━━━━━ Data

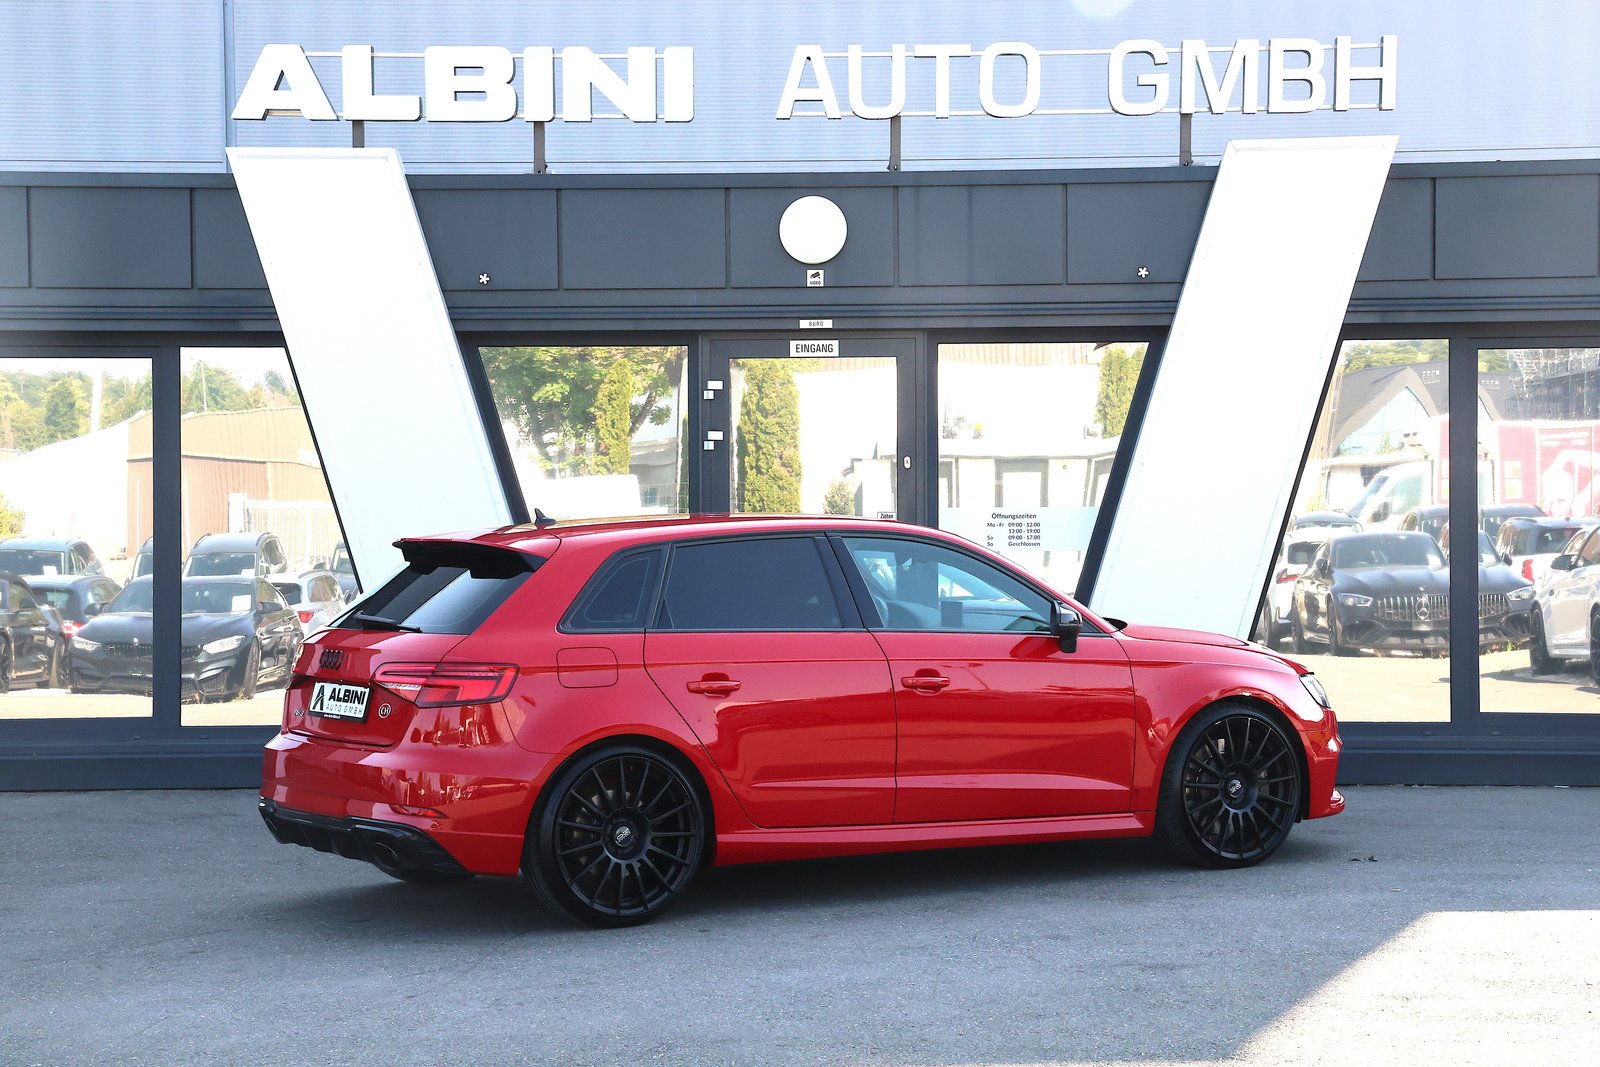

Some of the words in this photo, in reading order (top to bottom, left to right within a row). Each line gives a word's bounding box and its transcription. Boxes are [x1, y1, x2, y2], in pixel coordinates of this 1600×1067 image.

[231, 43, 695, 123] ALBINI
[776, 41, 1042, 120] AUTO
[1107, 34, 1399, 117] GMBH
[795, 344, 834, 352] EINGANG
[328, 688, 366, 705] ALBINI
[326, 703, 342, 712] AUTO
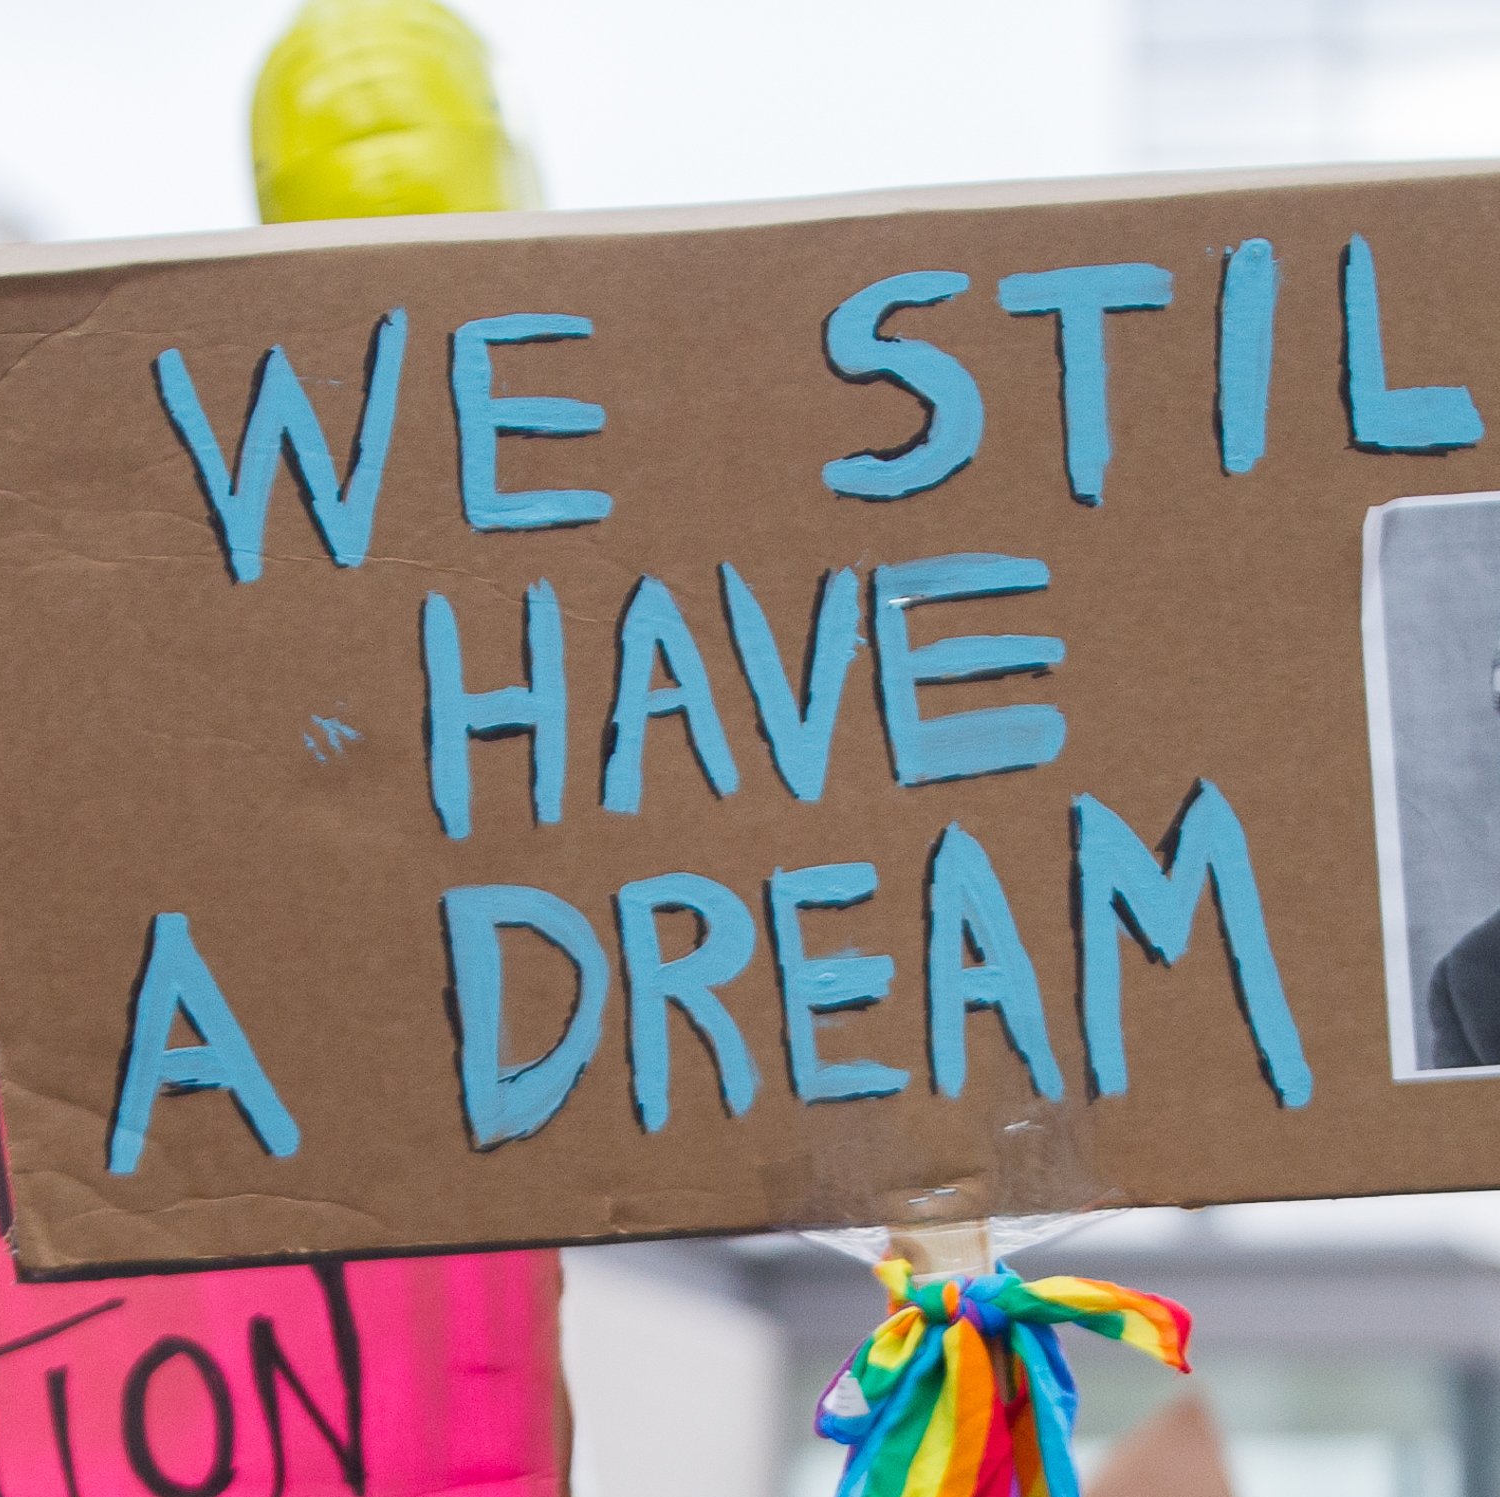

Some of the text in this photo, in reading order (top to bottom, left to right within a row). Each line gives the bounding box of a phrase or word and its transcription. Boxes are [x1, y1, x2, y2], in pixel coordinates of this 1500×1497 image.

[150, 307, 614, 584] WE
[418, 553, 1066, 840] HAVE
[106, 777, 1313, 1175] A DREAM

━━━━━━━━━━

Required action>
Now transcribe all the entries above exactly, so that no picture is carried over.

Problem solution>
Some of the words in this photo, in reading order (top to bottom, left to right within a row). Each line gives a word's bounding box and its transcription. Boxes are [x1, y1, x2, y2], in pixel coordinates of this 1600×1067 image.

[231, 43, 695, 123] ALBINI
[776, 41, 1042, 120] AUTO
[1107, 34, 1399, 117] GMBH
[795, 344, 834, 352] EINGANG
[328, 688, 366, 705] ALBINI
[326, 703, 342, 712] AUTO

Some of the text in this photo, in reading order (top to bottom, left to right within a row). Each line gives the bounding box of a phrase or word and its transcription. Boxes are [x1, y1, x2, y2], in pixel coordinates of this 1500×1497 image.

[150, 307, 614, 584] WE
[418, 553, 1066, 840] HAVE
[106, 777, 1313, 1175] A DREAM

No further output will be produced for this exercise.